Patch Tuesday, Etc.

Microsoft has issued security updates to fix at least four security holes in its Windows operating system and other software. Not exactly a fat Patch Tuesday from Microsoft, but depending on how agile you are in updating third-party applications like Flash, iTunes and Shockwave, you may have some additional patching to do.

One of the updates from Microsoft earned a “critical” rating, meaning Redmond believes it could be exploited to break into vulnerable systems with little to no help from users. That flaw, a bug in the way Windows Media Player and Media Center process certain types of media files, could be leveraged by convincing a user to open a tainted video file. This flaw affects Windows XP, Vista and Windows 7.

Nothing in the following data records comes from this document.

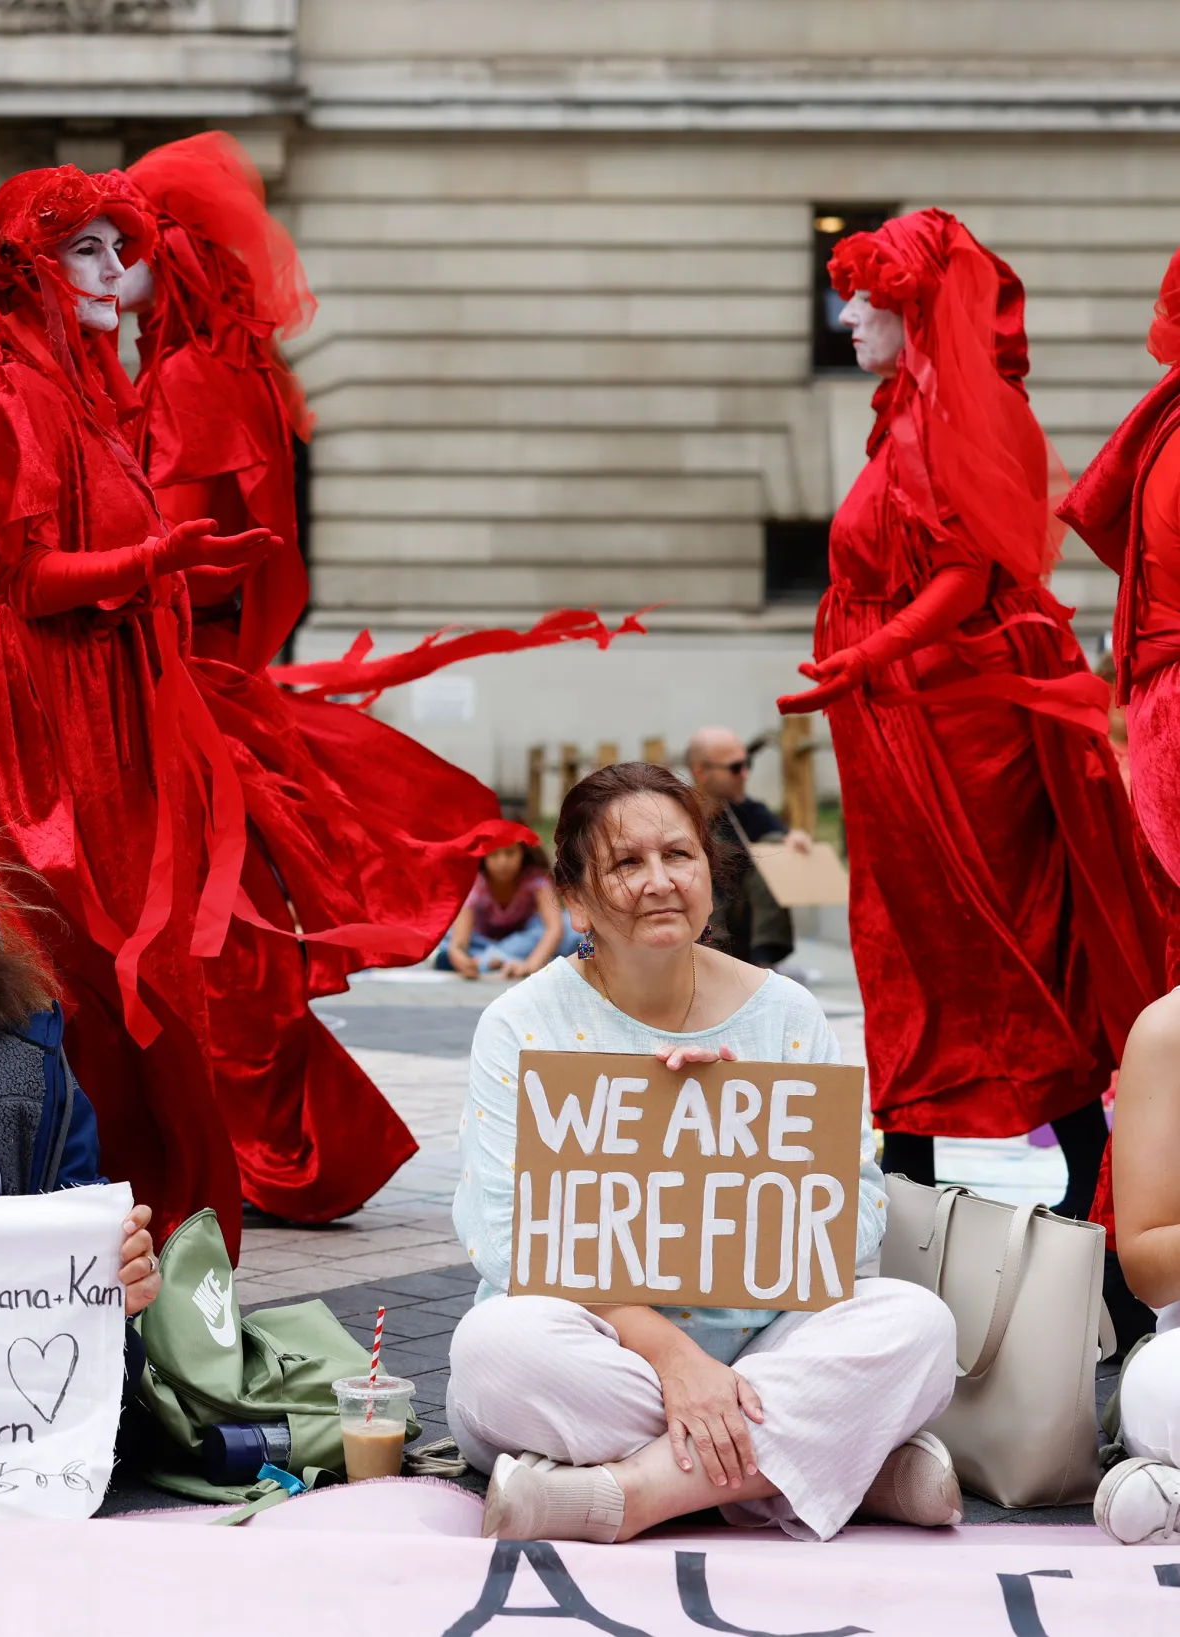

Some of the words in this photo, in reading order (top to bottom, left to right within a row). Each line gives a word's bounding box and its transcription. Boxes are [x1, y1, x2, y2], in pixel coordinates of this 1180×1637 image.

[524, 1069, 649, 1154] WE
[663, 1077, 817, 1161] ARE
[517, 1170, 685, 1290] HERE
[700, 1172, 845, 1301] FOR
[191, 1267, 229, 1325] NIKE

Microsoft has more details on and links to the other two patches — rated “important” — at its Security Response Center blog. The updates are available through Windows Update or via Automatic Update. The software giant chose not to address an Internet Explorer vulnerability that hackers have been exploiting since late January, although the company has issued a stopgap “FixIt” tool for that flaw.

In other news, Apple has released an update to iTunes that corrects more than 50 security vulnerabilities in the Windows version of this software. That patch bundle is available from Apple Downloads or via the Apple Software Update program that now comes bundled with iTunes and other Apple software for Windows.

I’m a bit behind in reporting on important updates to Adobe’s Flash and Shockwave players that fix a load of problems with these widely-installed software packages. The Flash update bumps the player up to version 10.2.152.26, and plugs at least 13 security holes on both Windows and Mac installations. To check which version you have installed, visit this page: There is a decent chance that Adobe’s built-in updater has already prompted you to update this program. If your version is lower than 10.2.152.26, it’s time to update.

Updates are available via Adobe’s Download Center or directly from this page. The latter option avoids Adobe’s obnoxious Download Manager, which may prompt you to install additional software that you don’t need or want. Remember that if you are using both Internet Explorer and a non-IE browser like Firefox or Opera, you will need to install Flash twice, once with the IE ActiveX installer, and again with your other browser. Google Chrome users should already have this version of Flash deployed (but do take a second to check this page to make sure you have the right version, just in case).

The critical Shockwave patch brings the player to version 11.5.9.620, and addresses at least 21 security holes in the program. But readers should check to see whether they even have this program installed before installing the latest version. If you visit this link and see a prompt to install Shockwave, then you don’t have the program. If you do have it installed, you should see a version number beneath the Shockwave icon. Updates are available for Windows and Mac versions of Shockwave.

Update, Mar. 9, 8:31 a.m. ET: It seems that many readers already have an even newer version of Flash installed, v. 10.2.152.32. I checked with Adobe, and they confirmed that this 10.2.152.32 is in fact the latest version, although it contains no additional security fixes. More information on the .32 update is available here.